> **Exercise requirements**:
Exact copies of the lines below are the goal; any images in them are dropped.

☆ ☆ ☆

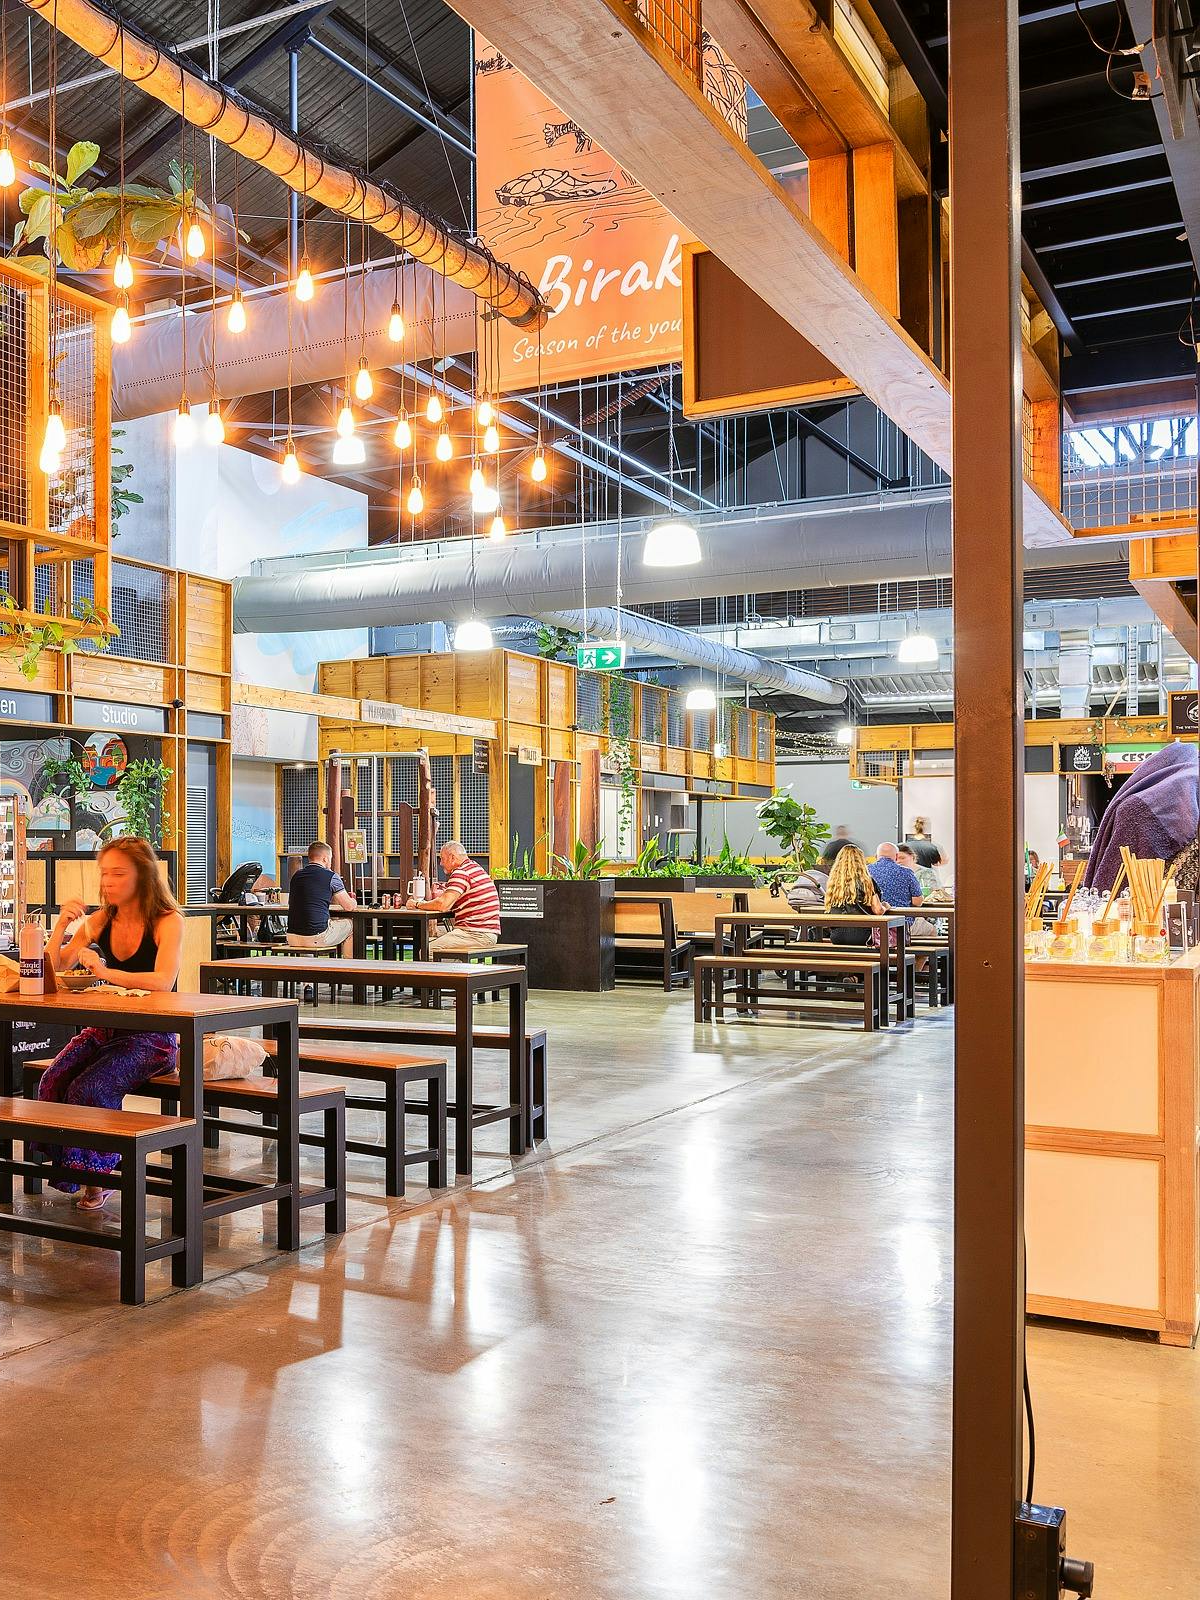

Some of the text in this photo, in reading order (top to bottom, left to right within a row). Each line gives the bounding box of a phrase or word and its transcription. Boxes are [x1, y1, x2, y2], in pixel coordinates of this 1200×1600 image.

[538, 233, 683, 320] Birak
[512, 337, 579, 364] Season
[585, 324, 608, 350] of
[611, 322, 641, 344] the
[101, 704, 138, 727] Studio
[17, 1038, 51, 1053] Sleepers!

☆ ☆ ☆

> **Reply**:
Some of the text in this photo, in reading order (top to bottom, left to right within a row). Each line gives the bounding box of a phrase or word and its transcription. Boxes are [x1, y1, x2, y2], in pixel coordinates of this 1200×1600 image.

[538, 233, 683, 320] Birak
[512, 337, 579, 364] Season
[585, 324, 608, 350] of
[611, 322, 641, 344] the
[101, 704, 138, 727] Studio
[17, 1038, 51, 1053] Sleepers!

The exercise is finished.